Yves Smith at Naked Capitalism submits:
Boy, is sentiment changing. The latest indicator: an article in MarketWatch bemoaning the demise of Glass Steagall, the law enacted in 1933 that separated commercial banking from investment banking.
The article by Thomas Kostigen gets the history wrong. It makes it sound as if the repeal of Glass Steagall in 1999 was a watershed event. In fact, by then, it was irrelevant. Banks had gotten enough waivers of various sorts to enable them to compete effectively on investment banks’ turf. For example, well before 1999, Swiss Bank Corporation, which was later acquired by UBS in 1998, had purchased derivatives trading firm O’Connor & Associates, UK merchant bank S.G. Warburgs, and US investment bank Dillon Read.
To illustrate, this part of the article is a wee bit scary:
But as banks increasingly encroached upon the securities business by offering discount trades and mutual funds, the securities industry cried foul. So in that telling year of 1999, the prohibition ended and financial giants swooped in. Citigroup led the way and others followed. We saw Smith Barney, Salomon Brothers, PaineWebber and lots of other well-known brokerage brands gobbled up.
This passes for journalism? Travelers Group bought Smith Barney (by acquiring Primerica) in 1993 and Salomon Brothers in 1997. Citigroup and Travelers merged in 1998, the year before Glass Steagall bit the dust.
It gets better:
At brokerage firms there are supposed to be Chinese walls that separate investment banking from trading and research activities. These separations are supposed to prevent dealmakers from pressuring their colleague analysts to give better results to clients, all in the name of increasing their mutual bottom line.
Well, we saw how well these walls held up during the heyday of the dot-com era when ridiculously high estimates were placed on corporations that happened to be underwritten by the same firm that was also trading its securities. When these walls were placed within their new bank homes, cracks appeared and — it looks ever so apparent — ignored.
Umm, there was nothing, nada, in Glass Steagall that said you couldn’t have trading and underwriting under the same roof. That was the norm in the securities industry for the large players from the early-mid 1980s onward.
But despite the lack of industry knowledge, Kostigen isn’t completely off base when he suggests the industry has gotten too cozy and insular:
When banks are being scrutinized and subject to due diligence by third-party securities analysts more questions are raised than when the scrutiny is by people who share the same cafeteria.

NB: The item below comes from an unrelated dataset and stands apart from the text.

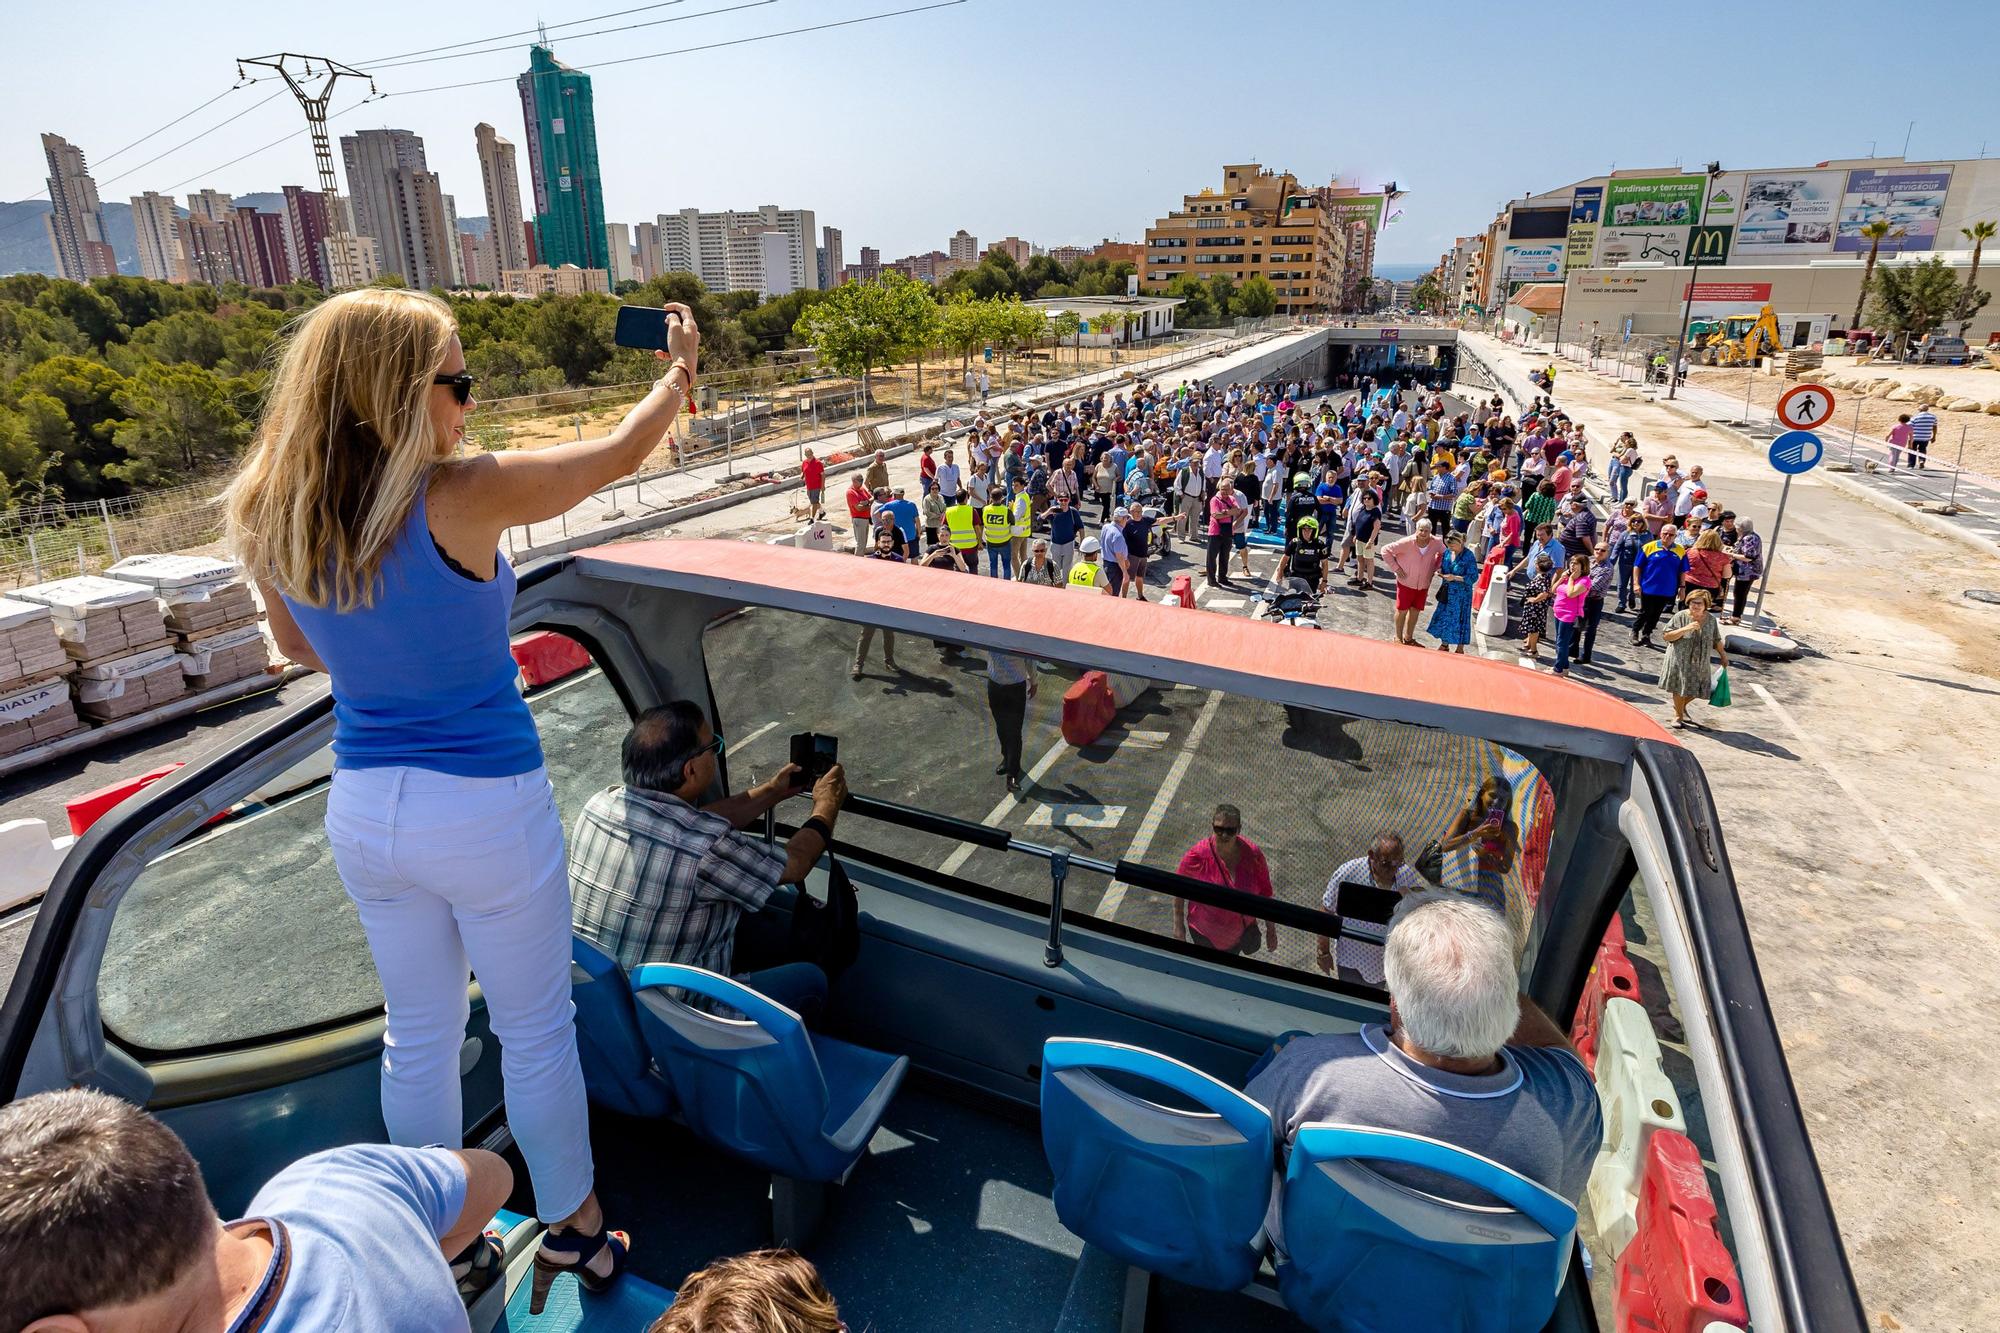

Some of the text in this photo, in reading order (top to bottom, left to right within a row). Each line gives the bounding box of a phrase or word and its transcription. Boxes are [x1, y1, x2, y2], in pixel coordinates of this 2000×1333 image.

[1613, 184, 1651, 193] Jardines
[1660, 183, 1699, 191] terrazas
[1890, 183, 1939, 191] SERVIGROUP
[1338, 204, 1376, 212] terrazas

Besides, fees, deals and the like would all be subject to salesmanship, which means people would be hammering prices and questioning things much more to increase their own profit — not working together to increase their shared bonus pool.

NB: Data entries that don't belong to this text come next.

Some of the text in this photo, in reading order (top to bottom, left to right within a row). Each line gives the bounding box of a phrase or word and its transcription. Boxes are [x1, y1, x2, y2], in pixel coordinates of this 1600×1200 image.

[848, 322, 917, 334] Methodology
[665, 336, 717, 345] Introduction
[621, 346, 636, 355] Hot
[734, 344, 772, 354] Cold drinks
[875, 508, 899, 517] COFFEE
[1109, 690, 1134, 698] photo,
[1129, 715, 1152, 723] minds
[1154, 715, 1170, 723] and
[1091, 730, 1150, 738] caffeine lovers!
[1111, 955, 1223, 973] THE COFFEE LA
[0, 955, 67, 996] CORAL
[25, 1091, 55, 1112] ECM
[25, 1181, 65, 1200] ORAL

Glass-Steagall would have at least provided what the first of its names portends: transparency. And that is best accomplished when outsiders are peering in. When every one is on the inside looking out, they have the same view. That isn’t good because then you can’t see things coming (or falling) and everyone is subject to the roof caving in.
Congress is now investigating the subprime mortgage debacle. Lawmakers are looking at tightening lending rules, holding secondary debt buyers responsible for abusive practices and, on a positive note, even bailing out some homeowners.
These are Band-Aid measures, however, that won’t patch what’s broken: the system of conflicts that arise when sellers, salesmen and evaluators are all on the same team.
Glass-Steagall forced separation. Something like it, where conflicts and losses can be mitigated, should be considered again.
The romanticizing of regulation is a noteworthy development, a warning that leasing and collaring the securities industry will be popular. Lobbyists take heed.